Hey! Mam nadzieję, że się Wam drugi rodziałspodoba :) Miłego czytania!
W zamku mieliśmy gościa. U nas to normalne. Ciągłe odwiedziny. Cóz takie jest życie władzy. Gościem była pewna wampirzyca. Ciekawe jaka jest i czego od nas chce. Weszłem do okrągłej sali, gdzie takowa wampirzyca się znalazła.
-O co tu chodzi? - spytał Stefan.
-Może wyjaśnisz nam to osobiscie co?- zachęcił ją Andrjew, nasz cudowny kolega z klanu.
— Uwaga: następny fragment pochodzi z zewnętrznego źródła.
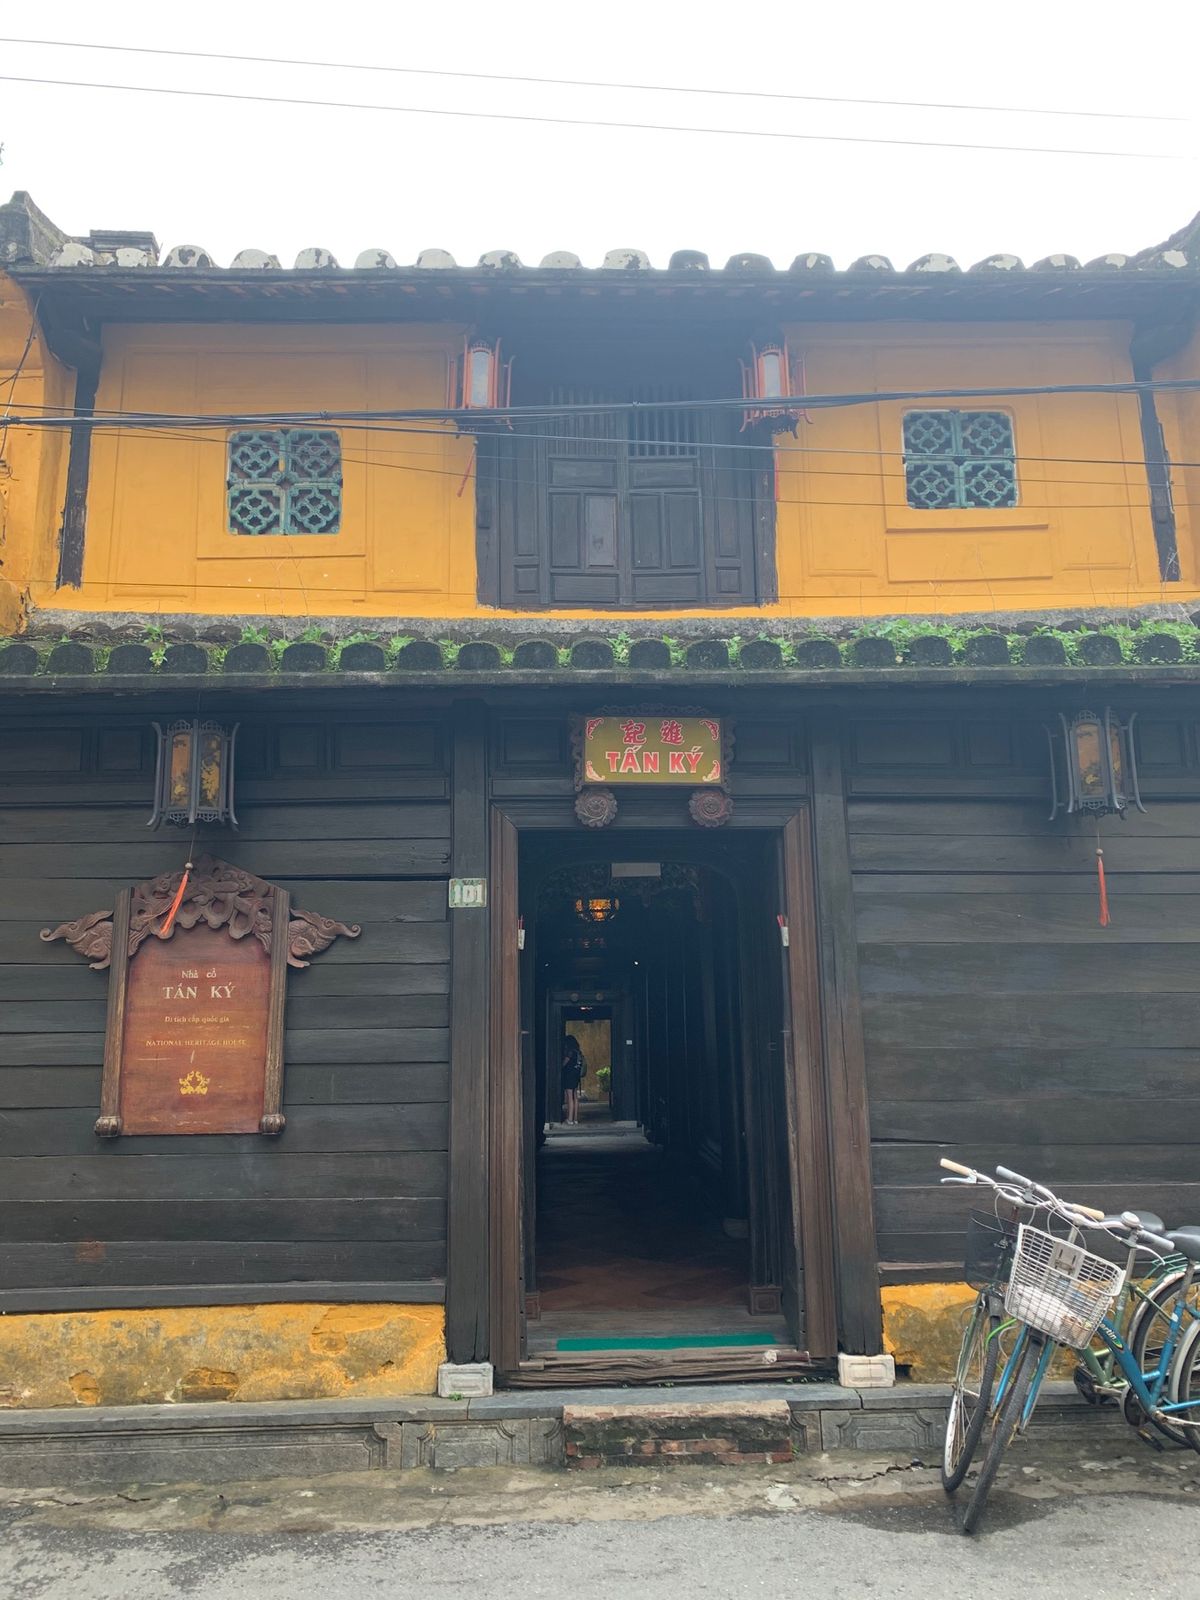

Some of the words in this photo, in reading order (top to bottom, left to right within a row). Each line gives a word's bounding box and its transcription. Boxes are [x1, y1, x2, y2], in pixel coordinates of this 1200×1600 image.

[605, 745, 660, 773] TẤN
[669, 745, 704, 773] KÝ
[454, 884, 483, 903] 101
[162, 983, 198, 999] TẤN
[210, 981, 236, 999] KÝ
-Może najpierw się przedstawię. Mam na imię Dominika. - zaczęła. Była opanowana. Cóz widać, że ma swoje lata. - Normalnie mieszkam na Syberii z moją rodziną. - powiedziała. - I akurat gdzieś tutaj się kręciłam. Postanowiłam Was odwiedzić. - powiedziała uprzejmie.
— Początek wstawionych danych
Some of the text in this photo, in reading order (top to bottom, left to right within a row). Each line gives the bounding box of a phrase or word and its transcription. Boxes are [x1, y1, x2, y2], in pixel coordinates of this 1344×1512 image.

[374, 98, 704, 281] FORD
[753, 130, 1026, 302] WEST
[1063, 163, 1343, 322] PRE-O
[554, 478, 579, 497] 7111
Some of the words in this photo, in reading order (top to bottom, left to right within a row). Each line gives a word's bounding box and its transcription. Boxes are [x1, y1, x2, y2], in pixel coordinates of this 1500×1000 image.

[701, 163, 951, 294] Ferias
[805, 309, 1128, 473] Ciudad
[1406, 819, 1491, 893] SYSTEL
Wszyscy trochę o niej rozmyślaliśmy.
-Na Syberii z Twoją rodziną? Rodziną? Ile was jest? - spytał Andrjew.
-Tak, mam rodzinę, podkreślam rodzinę. Jest nas dziecięcioro. - odpowiedziała. - Co jak co ale ja i jeszcze czwórka z moich tworzyliśmy rodzinę kiedy jeszcze byliśmy ludzmi. Wiem, z lekka dziwne, lecz możliwe. I chciałabym was ostrzec przed poewnym klanem, który robi się coraz silniejszy. - powiedziała z powagą.
-Z pewnym klanem? - powtórzyłem.
-Tak. - dodała bez strachu. To niejacy Volturi. Teraz jest ich już jedenaścioro. Ale na tym ich mośliwości się nie kończą. Mają talenty... - powiedziała cicho.
Wszyscy na nią spojrzeliśmy z nadzieją. Jakoś już wiedziałem, że tego klanu nie lubi i tyle. Dziwne, tak wrogo nastawiona do naszych pobratymców? Musiała już wiele przejść.
-Jakie talenty? - wyszeptała Anja, partnerka Andrjew.
-Przede wszystkim, ich przywódca ma na imię Aro. Jest talentem jest wyszytanie wszystkich wspomnień i myśli jakie nam przeszły po głowie. I umie wyczytać nawet obecne myśli. Z tym, że ma pewne ograniczenie. Musi kogś dotknąć.
Zaczęliśmy się coraz poważniej niepokoić, co z tego nowego klanu wyniknie. Cóz nie pozostaje nam nic innego, jak jej słuchać.